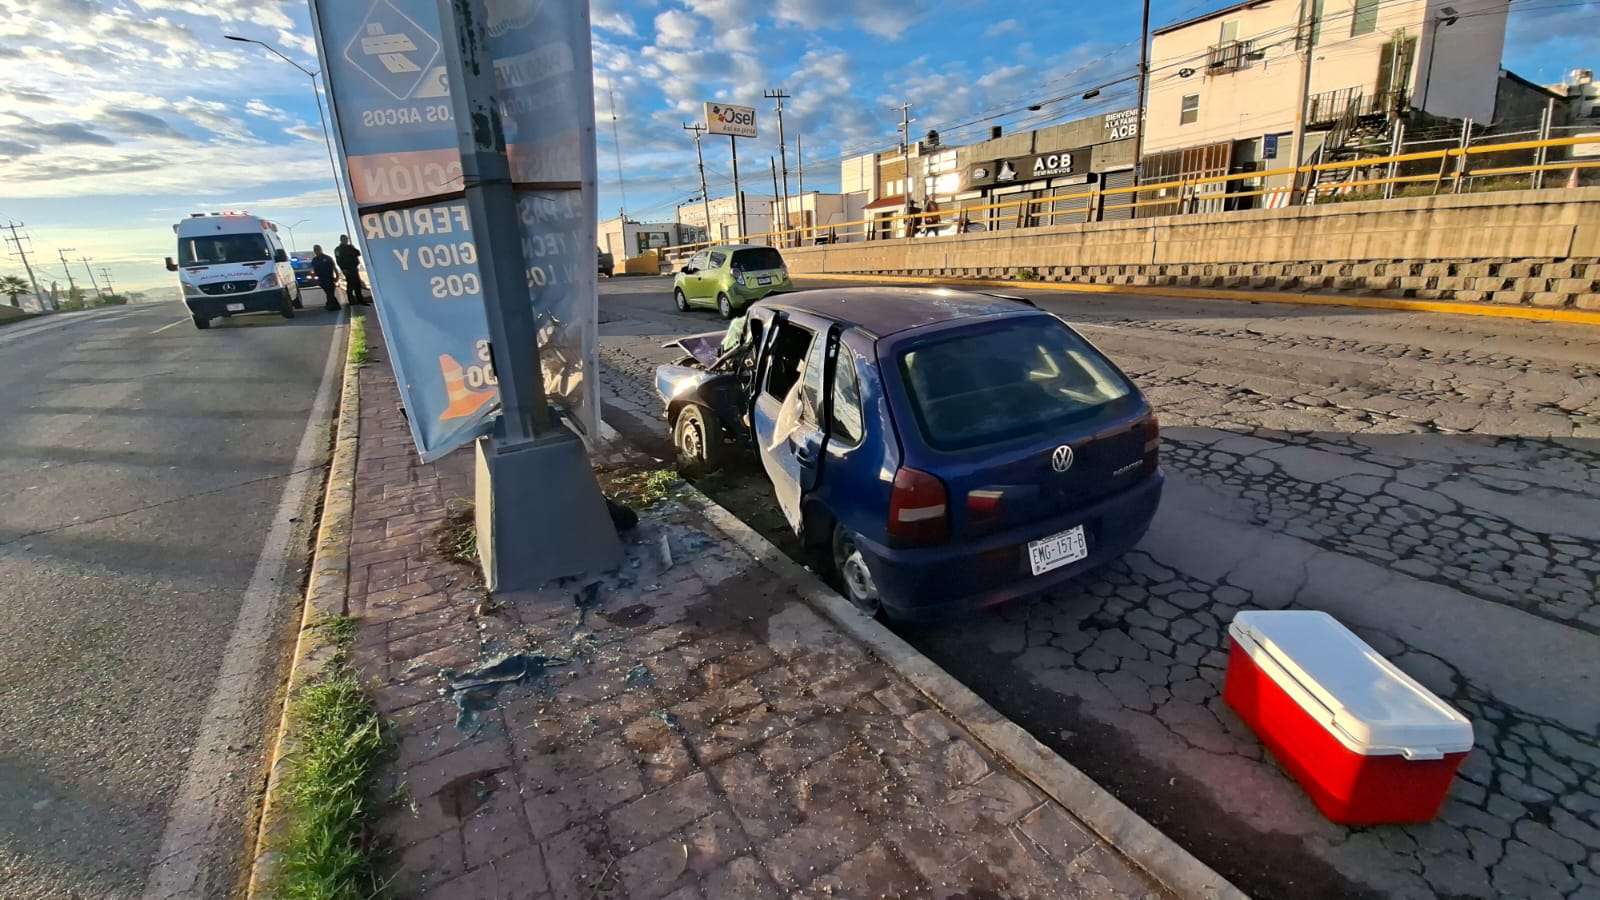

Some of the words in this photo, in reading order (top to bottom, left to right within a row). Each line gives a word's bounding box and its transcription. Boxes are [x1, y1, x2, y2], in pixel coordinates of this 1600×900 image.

[723, 107, 755, 126] Osel
[1110, 124, 1137, 140] ACB
[1034, 153, 1072, 171] ACB
[1032, 533, 1085, 565] EMG-157-B
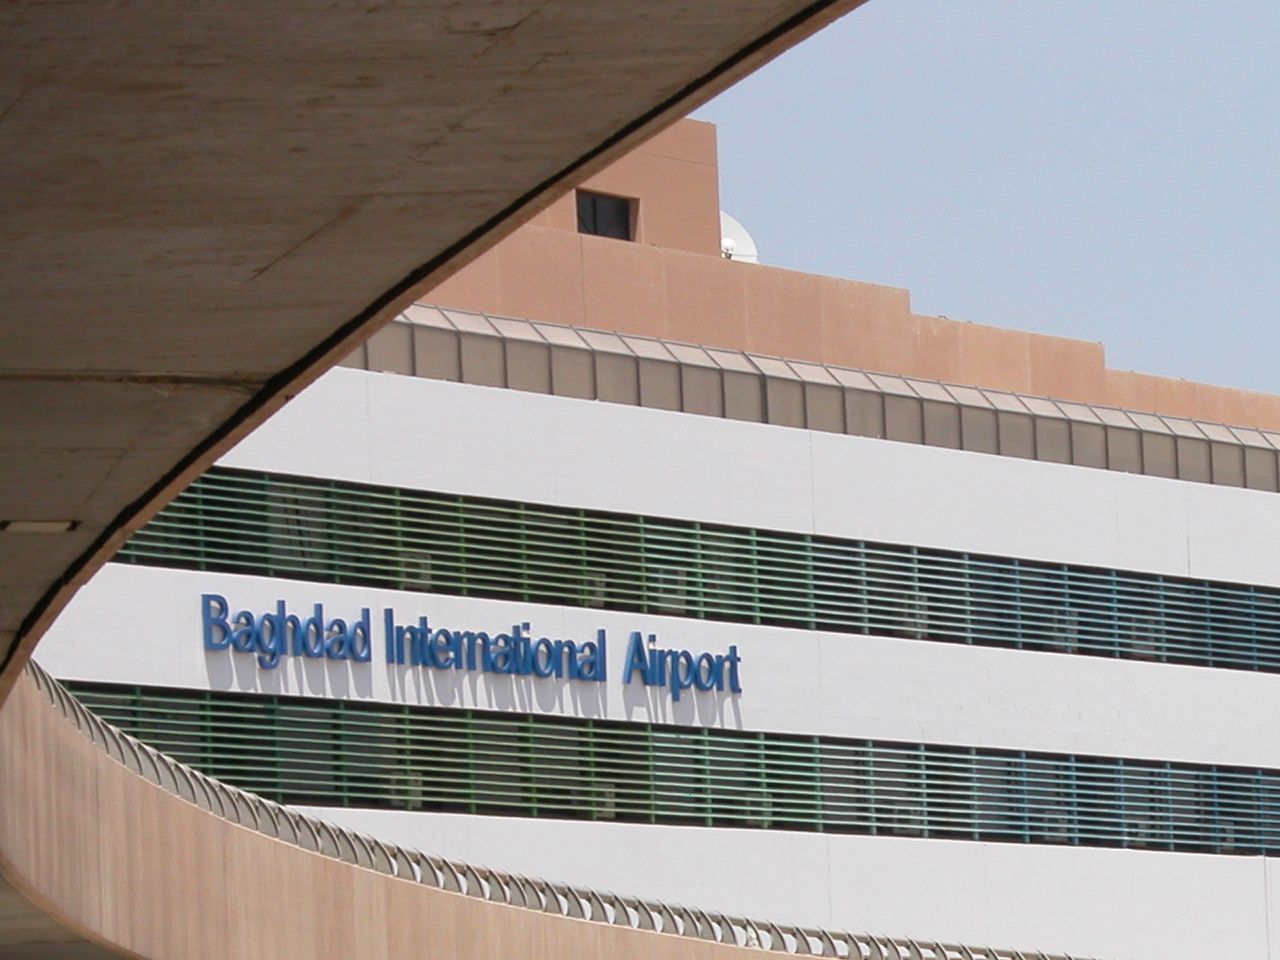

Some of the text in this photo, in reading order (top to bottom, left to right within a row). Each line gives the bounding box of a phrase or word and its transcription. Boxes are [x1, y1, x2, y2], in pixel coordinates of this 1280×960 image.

[201, 593, 742, 701] Baghdad International Airport

■ ■ ■

→ Task goal: Write out the entries again, exactly as given, skipping any images.

→ Answer for this exercise:
Some of the words in this photo, in reading order (top to bottom, left to right within a row). Each line gives a word's bounding box and its transcription. Boxes are [x1, y1, x2, y2], in pixel coordinates of this 1600×900 image.

[723, 107, 755, 126] Osel
[1110, 124, 1137, 140] ACB
[1034, 153, 1072, 171] ACB
[1032, 533, 1085, 565] EMG-157-B

Some of the text in this photo, in reading order (top to bottom, left to right within a row). Each line gives the bounding box of a phrase or word and its transcription. Boxes are [x1, y1, x2, y2], in pixel coordinates of this 1280×960 image.

[201, 593, 742, 701] Baghdad International Airport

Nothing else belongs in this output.